The two main advantages of neural LMs over N-gram LMs are:

(1) N-gram LMs predict the next word based on a history of N-1 words, e.g. given I'm tired, I want to, a 3-gram LM will predict the next word only based on the last 3 words "I want to", completely ignoring the crucial word "tired". N-gram LMs were usually based on small Ns (2-4) (see the post about N-gram language models for explanation).

(2) N-gram LMs are based on the statistics of how many times each text appeared in the data, and it has to be verbatim, i.e. the occurrences of I'm tired are disjoint from those of I'm exhausted. Neural LMs, on the other hand, learn to represent a fragment of text as a vector and to predict the next word based on it. It may generalize semantically-similar texts by assigning them similar vector representations (resulting in the same prediction).

Important note: some LMs today are trained with a different training objective, i.e. not optimizing guessing correctly the next word in the sentence. Specifically, BERT has a "masked LM objective", i.e. hiding random words in the sentence and guessing them from their surrounding context - tokens before and after these hidden words. Text GANs (Generative Adversarial Networks) consist of two competing components: a generator that generates human-like text and a discriminator trained to distinguish between human-generated and generator-generated texts. In practice, current GAN-based text generation doesn't perform as well as generation from language models (see here and here).

Evaluating text generation

Comparing the performance of two classifiers that were trained to solve the same task is easy - we have a test set with the true label of each data point; we predict the test labels using each model, and compute the accuracy of each model compared to the true labels. We then have exactly two numeric values - the higher the accuracy, the better the model. This is not the case for text generation.

Since we are talking about open-ended generation, there is no gold standard text the model is expected to produce (we have a test set, but we really just want to make sure the generated text looks like it), so how can we judge the model's quality? The best we can do is to manually examine some of the model outputs and decide whether we think it's a good (human-like?) text or not. To do so more systematically we can perform a more proper human evaluation by showing people texts generated by our model vs. texts generated by some baseline model (or by humans...), asking them to rate which is better, and aggregating across multiple judgements on multiple texts. While this is probably the best evaluation method, it is costly and takes a long time to obtain. As a result, it is usually applied to a relatively small number of texts at the final stages of the model development, and isn't used to validate texts in the intermediate steps (which can potentially help improving the model).

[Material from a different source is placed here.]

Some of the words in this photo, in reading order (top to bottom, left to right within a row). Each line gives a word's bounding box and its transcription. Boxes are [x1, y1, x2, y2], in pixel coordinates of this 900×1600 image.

The alternative and commonly used metric is perplexity: by definition, it is the inverse probability of the test set, normalized by the number of words. So we want to get a low perplexity score as possible which means the probability of the test set is maximized - i.e., the LM learned a probability distribution which is similar to the "truth". The test set is just a bunch of texts which the LM has not seen before, and its probability is computed by going over it word by word and computing the LM probability of predicting each word given its past. A good LM will assign high probability to the "correct" (actual) next word and a low probability to other words.

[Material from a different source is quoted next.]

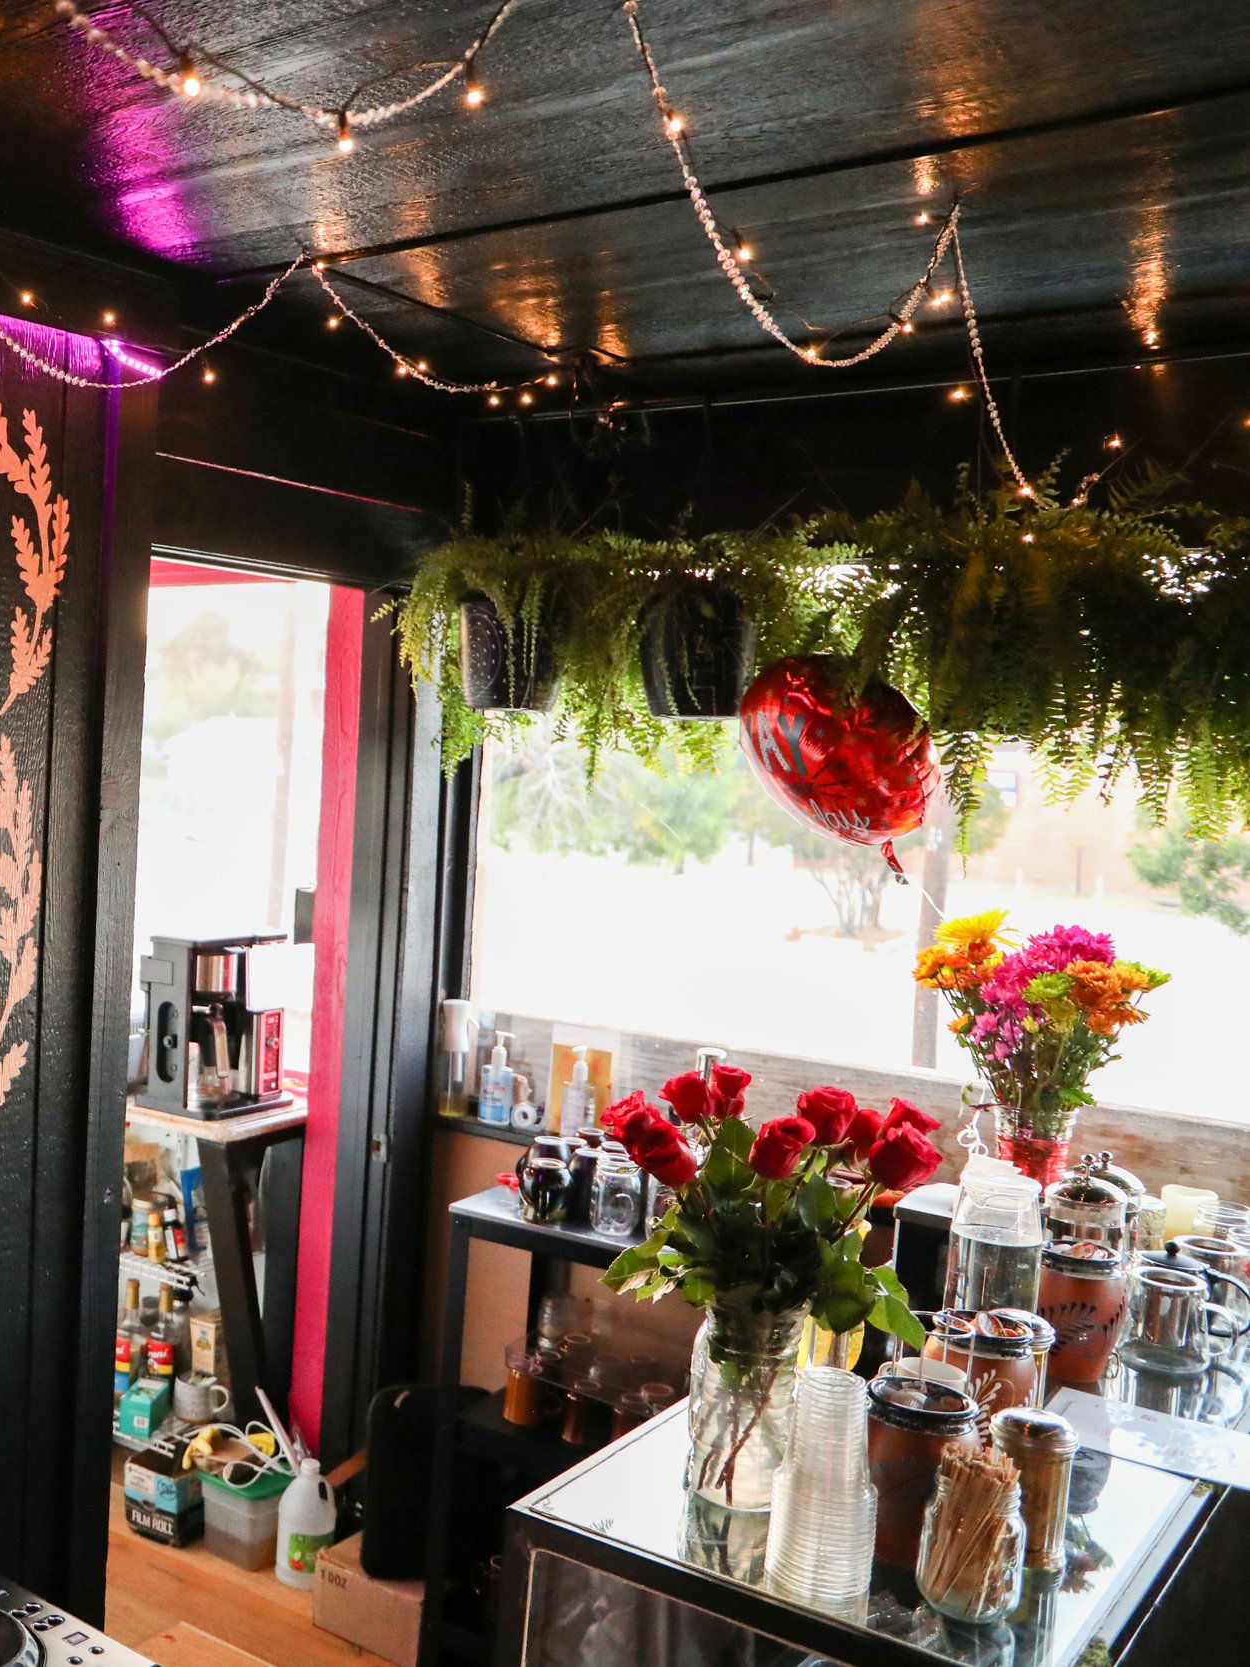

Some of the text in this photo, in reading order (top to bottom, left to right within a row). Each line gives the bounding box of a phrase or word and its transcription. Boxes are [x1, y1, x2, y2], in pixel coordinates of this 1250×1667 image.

[746, 711, 807, 776] AY
[131, 1508, 151, 1530] FILM
[152, 1517, 174, 1536] ROLL

Although perplexity is the most common evaluation metric for text generation, it is criticized for various reasons. Mainly, because it has been shown that improvement in perplexity doesn’t always mean an improvement in applications using the language model (it's basically not a good indicator of quality). And also because perplexity can't be used to evaluate text generation models that don't produce a distribution of words under the hood, like GANs. And if you thought that evaluation metrics for non open-ended generation are better, think twice!¹

Are language models dangerous?

In the previous post I discussed the potential misuses of machine learning models, so the starting point should be that yes, if used by people with malicious intentions, LMs may pose a danger. More specifically, the announcement from OpenAI expressed the concern that such a model, if released, may be used to generate fake news at scale. While this is not completely unreasonable, there are currently two limitations of text generation that may help reducing the fear of LMs enhancing disinformation, at least temporarily.

When humans generate fake news, they have certain goals - typically either to promote some propaganda or to maximize ad revenue through clicks. Unlike humans, language models don't have agenda. The language models mentioned here were designed to generate text that looks realistic and which is coherent and topically related given some human-written opening passage. There is no easy way to use them to generate controllable fake news at scale.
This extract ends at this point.